_Work required_. Exact copy, no pictures: output each line below as it stands.

__________

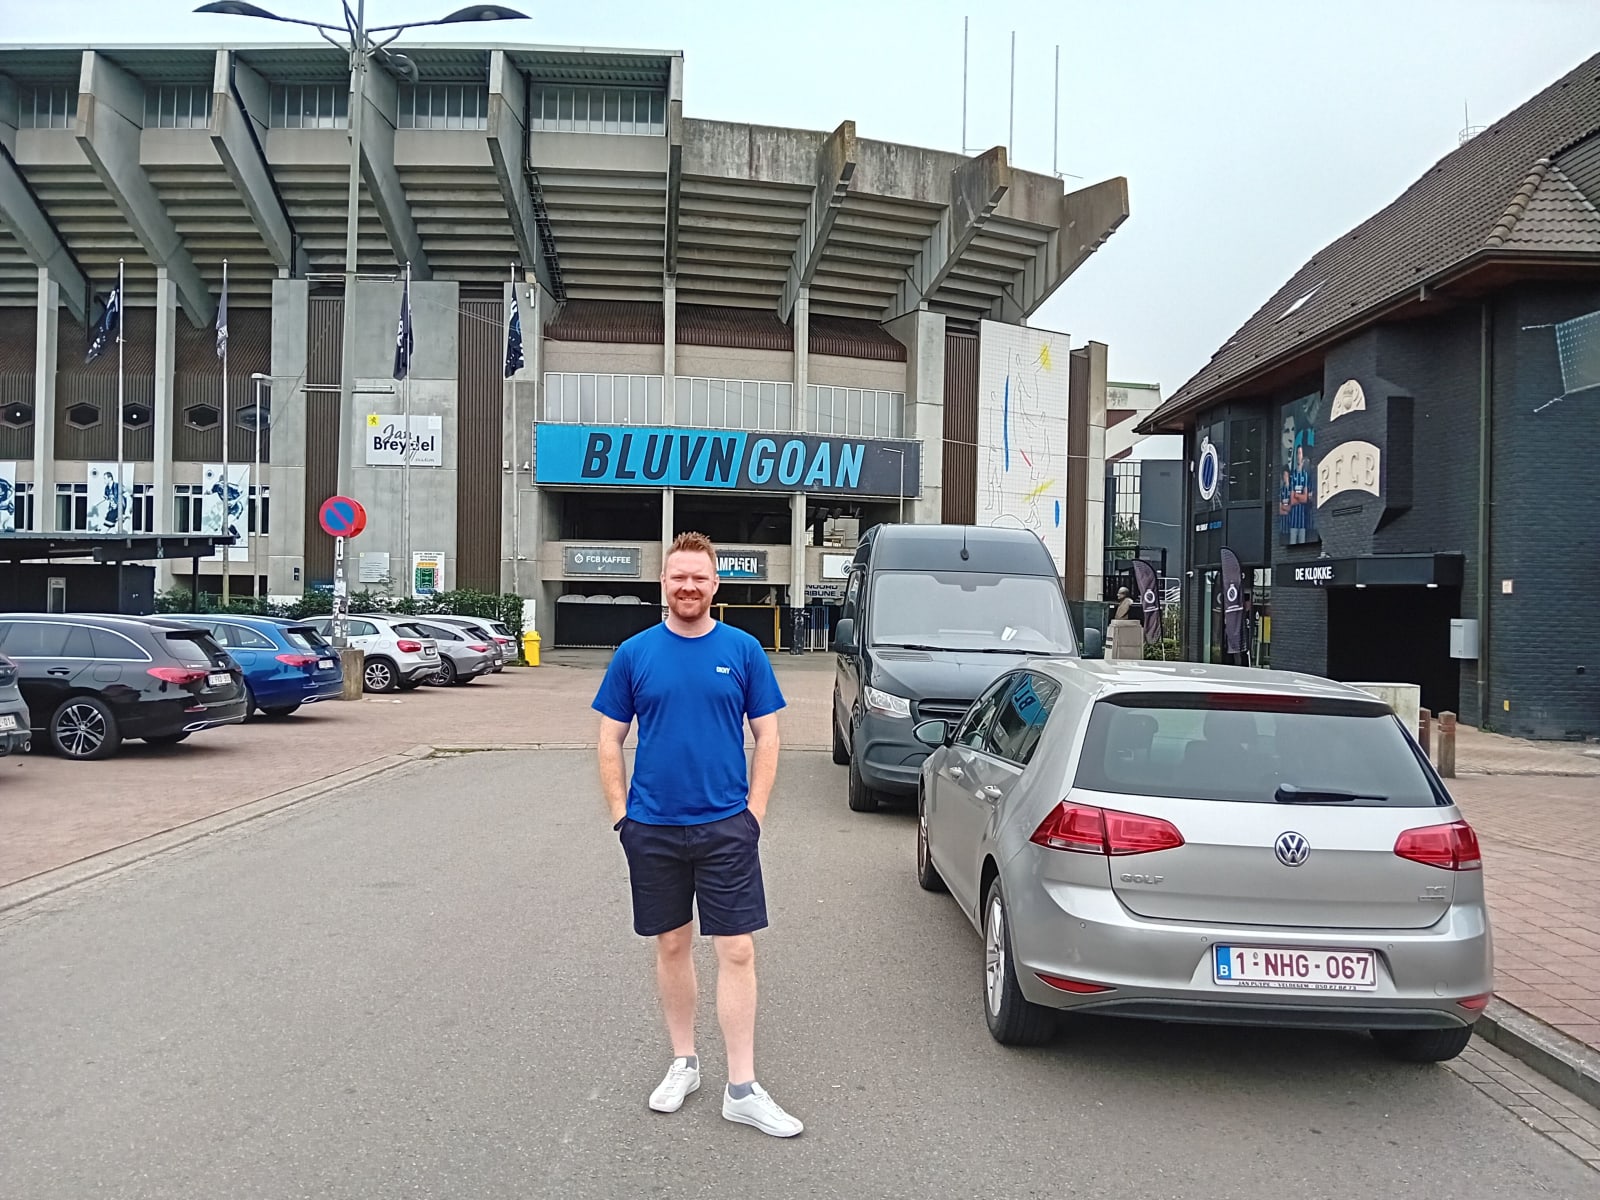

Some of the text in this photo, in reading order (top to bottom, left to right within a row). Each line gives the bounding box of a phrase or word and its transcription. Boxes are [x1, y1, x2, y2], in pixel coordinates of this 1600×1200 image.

[382, 423, 412, 443] Jan
[373, 435, 434, 455] Breydel
[580, 431, 865, 488] BLUVN GOAN
[1320, 452, 1376, 499] RFCB
[586, 555, 631, 564] FCB KAFFEE
[1295, 566, 1332, 581] DE KLOKKE
[1120, 873, 1164, 885] GOLF
[1219, 964, 1229, 976] B

__________

_Result of this exercise_.
Some of the text in this photo, in reading order (top to bottom, left to right within a row). Each line gives the bounding box of a phrase or word and its transcription. Boxes are [x1, y1, x2, y2], in pixel coordinates of this 1600×1200 image.

[382, 423, 412, 443] Jan
[373, 435, 434, 455] Breydel
[580, 431, 865, 488] BLUVN GOAN
[1320, 452, 1376, 499] RFCB
[586, 555, 631, 564] FCB KAFFEE
[1295, 566, 1332, 581] DE KLOKKE
[1120, 873, 1164, 885] GOLF
[1219, 964, 1229, 976] B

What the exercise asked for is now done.